2025 Camarillo ICE raid
- Date: July 10, 2025
- Location: Oxnard Plain, Ventura County, California; 34°10′48″N 119°04′59″W﻿ / ﻿34.1801°N 119.0830°W;
- Participants: United States Immigration and Customs Enforcement
- Deaths: 1
- Injuries: 12
- Arrests: 361

= 2025 Camarillo ICE raid =

Immigration enforcement raid on a farm

In 2025, United States Immigration and Customs Enforcement (ICE) and other federal agents raided a cannabis farm in Oxnard Plain. Agents detained at least 319 undocumented migrants, and one farm worker died while trying to escape. At least 12 workers were injured, 8 of whom were hospitalized for their injuries.
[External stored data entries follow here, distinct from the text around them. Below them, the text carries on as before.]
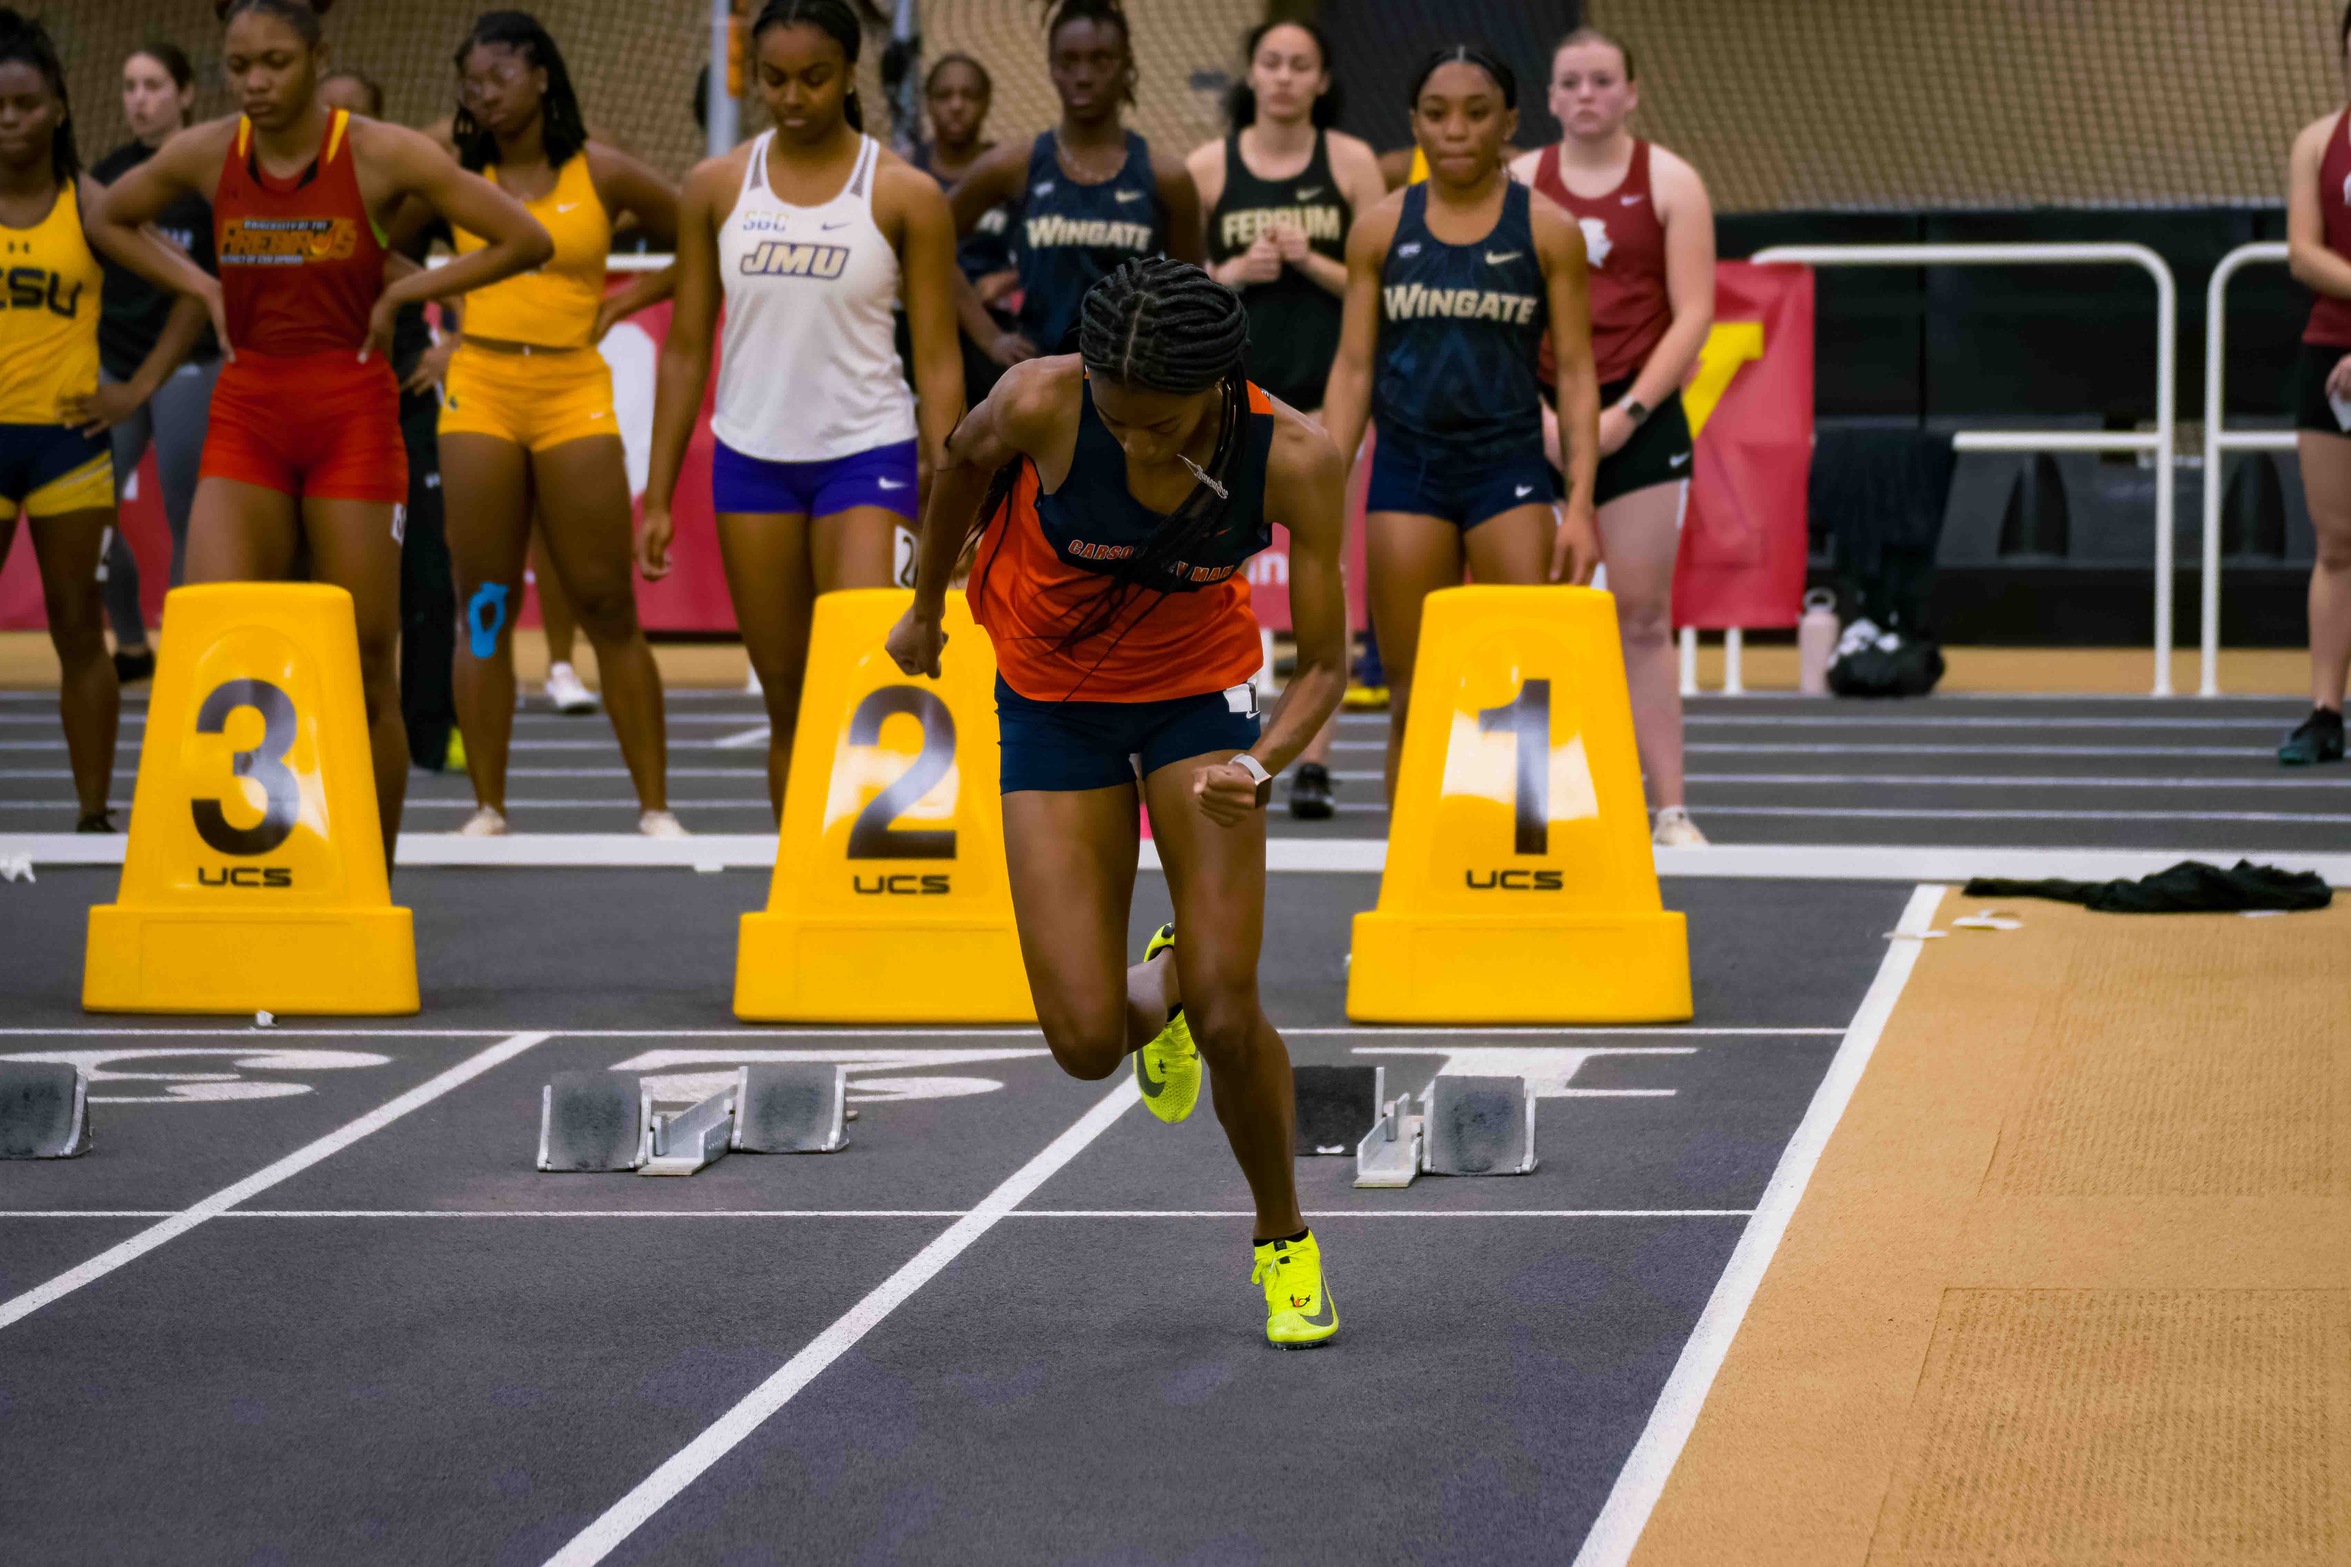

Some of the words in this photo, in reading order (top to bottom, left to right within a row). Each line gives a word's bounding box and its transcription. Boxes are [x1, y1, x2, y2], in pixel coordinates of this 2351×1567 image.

[1027, 214, 1151, 252] WINGATE
[740, 240, 850, 280] JMU
[0, 266, 83, 319] SU
[1384, 282, 1537, 324] WINGATE
[191, 678, 300, 857] 3
[847, 684, 956, 860] 2
[1478, 679, 1550, 855] 1
[198, 866, 293, 888] UCS
[854, 874, 950, 895] UCS
[1466, 869, 1564, 890] UCS
Protestors quickly gathered at the farm with DHS stating that four U.S. citizens were arrested for "resisting or assaulting officers." Tear gas was deployed against the protestors. A professor from the nearby university coming to the aid of a protestor and the security guard for the farm were detained. Amidst the chaos, the security guard, a disabled veteran and U.S. citizen, was pepper sprayed and had his car window smashed by an agent.

== Raid ==

On July 10, 2025, a raid at greenhouses on the Oxnard Plain, led to 319 people being detained and the death of one farmworker, Jaime Alanis Garcia. ICE agents allegedly chased Garcia, who then fell roughly 30 feet (9.1 meters) from the top of a building. Garcia was hospitalized and placed on life support for one day before dying from his injuries on July 11. NBC News described the raid as "chaotic". The detainees were held by ICE for over eight hours, and those among them who were U.S. citizens were allegedly only permitted to leave after deleting video footage of the raid from their phones. United Farm Workers stated that several workers were "totally unaccounted for" in the immediate aftermath of the raid, including at least one U.S. citizen.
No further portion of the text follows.